Previous research has shown that the Koala (Phascolarctos cinereus) prefers larger trees, potentially making this a key factor influencing koala habitat quality. Generally, tree height is considered at regional scales which may overlook variation at patch or local scales. In this study, we aimed to derive a set of parameters to assist in classifying koala habitat in terms of tree height, which can then be used as an overlay for existing habitat maps. To determine canopy height variation within a specific forest community across a broad area in eastern Australia, we used freely available Airborne Laser Scanning (ALS) data and adopted a straightforward approach by extracting maximum-height ALS returns within a total of 288 30 m × 30 m “virtual” ALS plots. Our findings show that while maximum tree heights generally fall within published regional-scale parameters (mean height 33.2 m), they vary significantly between subregions (mean height 28.8–39.0 m), within subregions (e.g., mean height 21.3–29.4 m), and at local scales, the tree heights vary in response to previous land-use (mean height 28.0–34.2 m). A canopy height dataset useful for habitat management needs to recognise and incorporate these variations.
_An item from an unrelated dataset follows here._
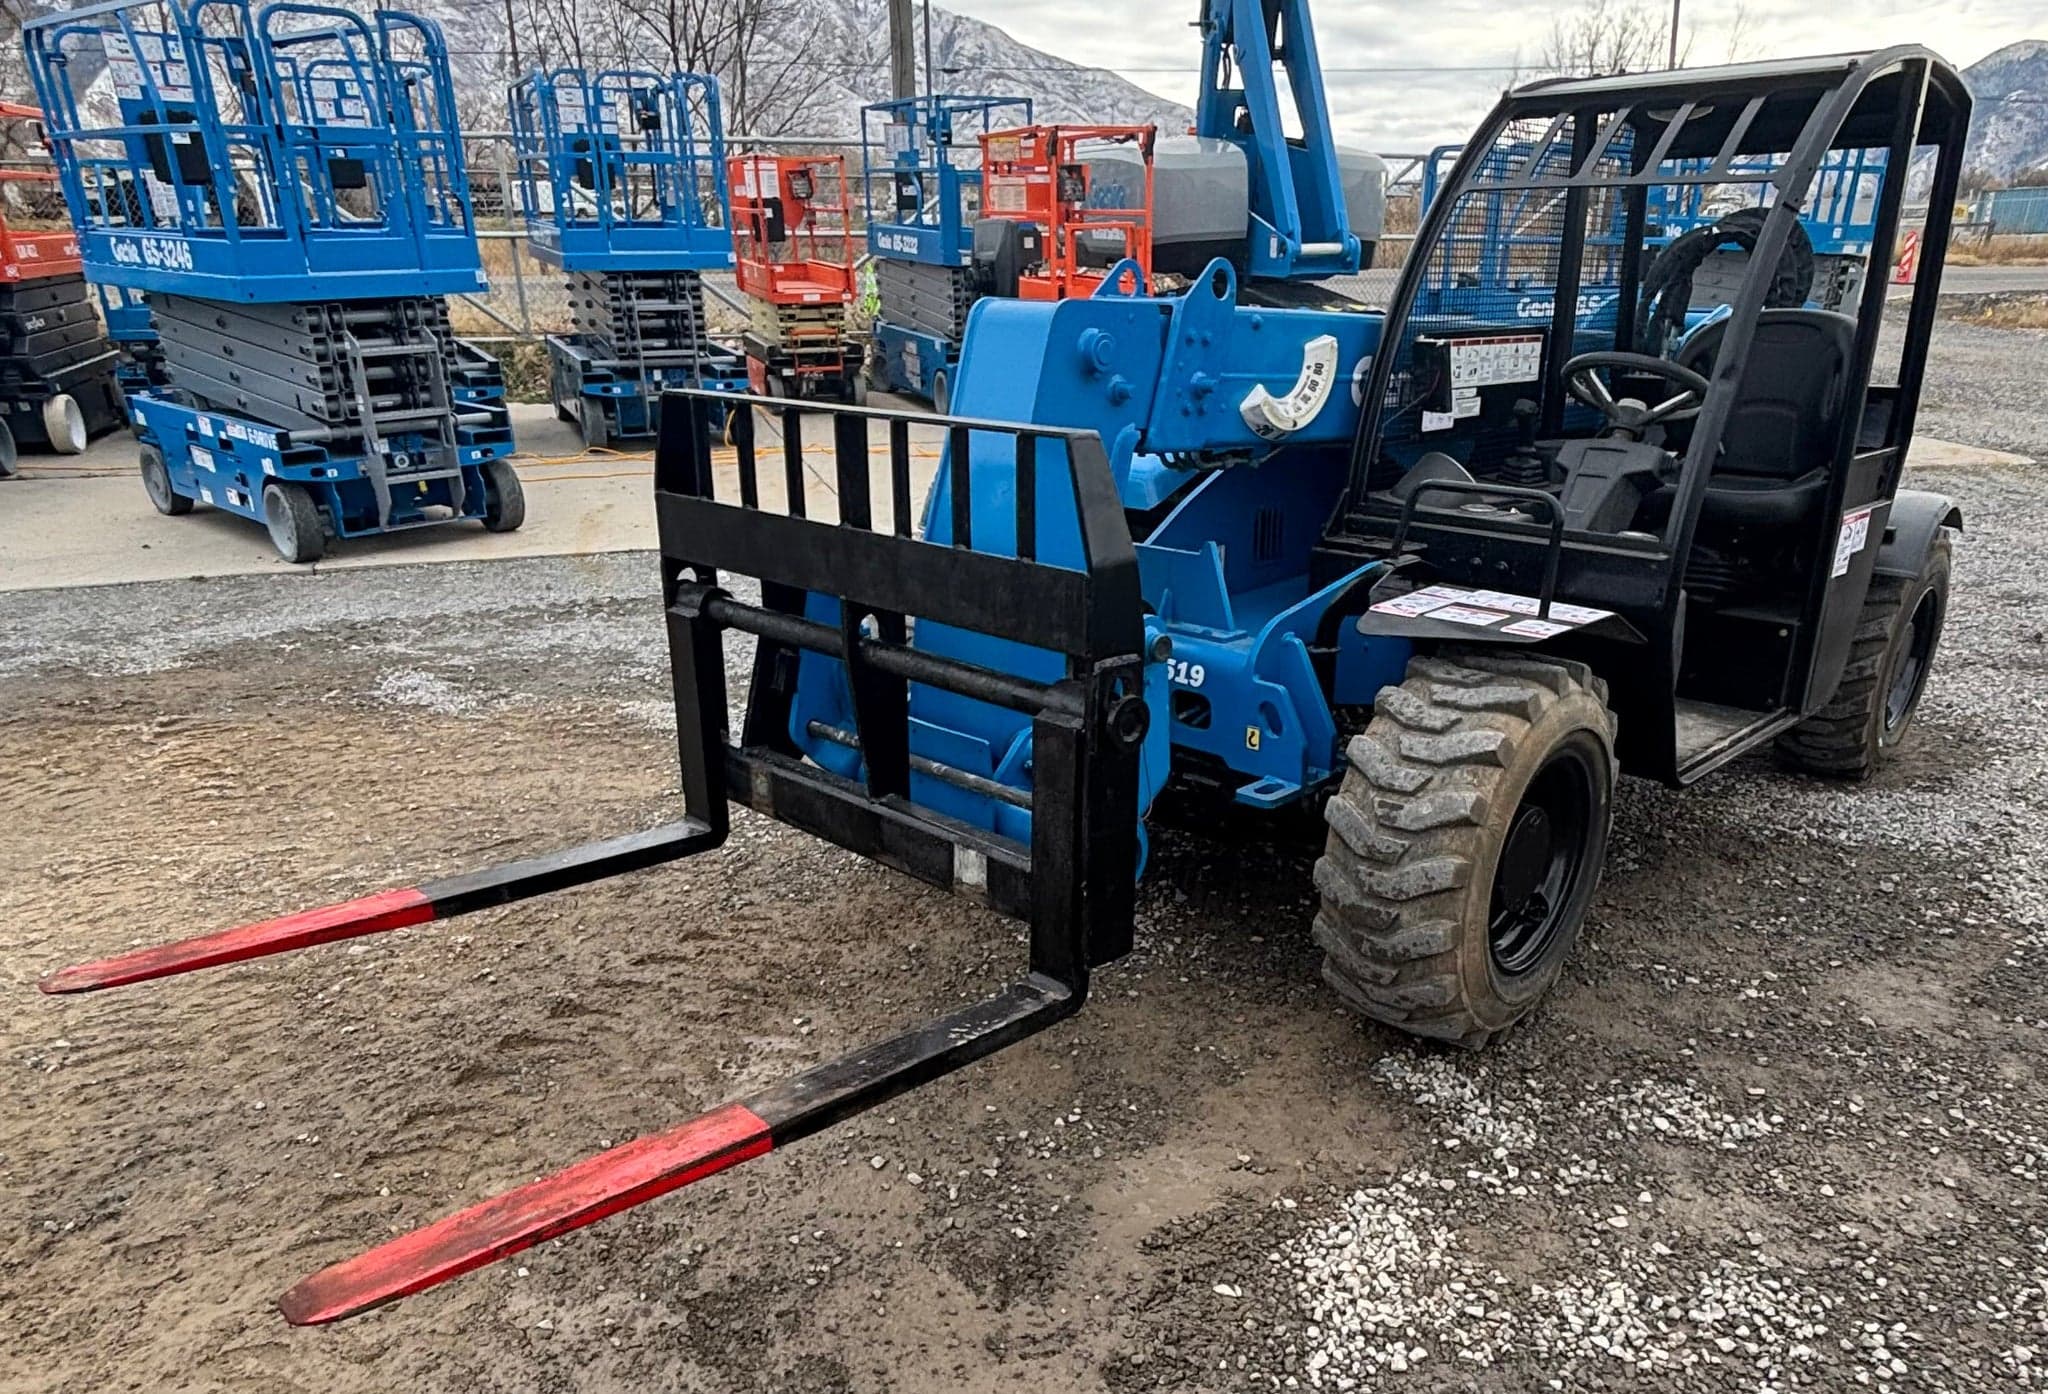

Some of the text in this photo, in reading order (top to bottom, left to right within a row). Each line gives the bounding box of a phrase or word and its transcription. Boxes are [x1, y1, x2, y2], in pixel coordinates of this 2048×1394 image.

[110, 236, 142, 264] Genie
[142, 238, 193, 270] GS-3246
[1517, 297, 1555, 317] Geni
To examine how this information might be synthesised into a usable map, we used a wall-to-wall canopy height map derived from ALS to investigate spatial and nonspatial clustering techniques that capture canopy height variability at both intra-subregional (100s of hectares) and local (60 hectare) scales. We found that nonspatial K-medians clustering with three or four height classes is suited to intra-subregional extents because it allows for simultaneous assessment and comparison of multiple forest community polygons. Spatially constrained clustering algorithms are suited to individual polygons, and we recommend the use of the Redcap algorithm because it delineates contiguous height classes recognisable on a map. For habitat management, an overlay combining these height classification approaches as separate attributes would provide the greatest utility at a range of scales. In addition to koala habitat management, canopy height maps could also assist in managing other fauna; identifying forest disturbance, regenerating forest, and old-growth forest; and identifying errors in existing forest maps.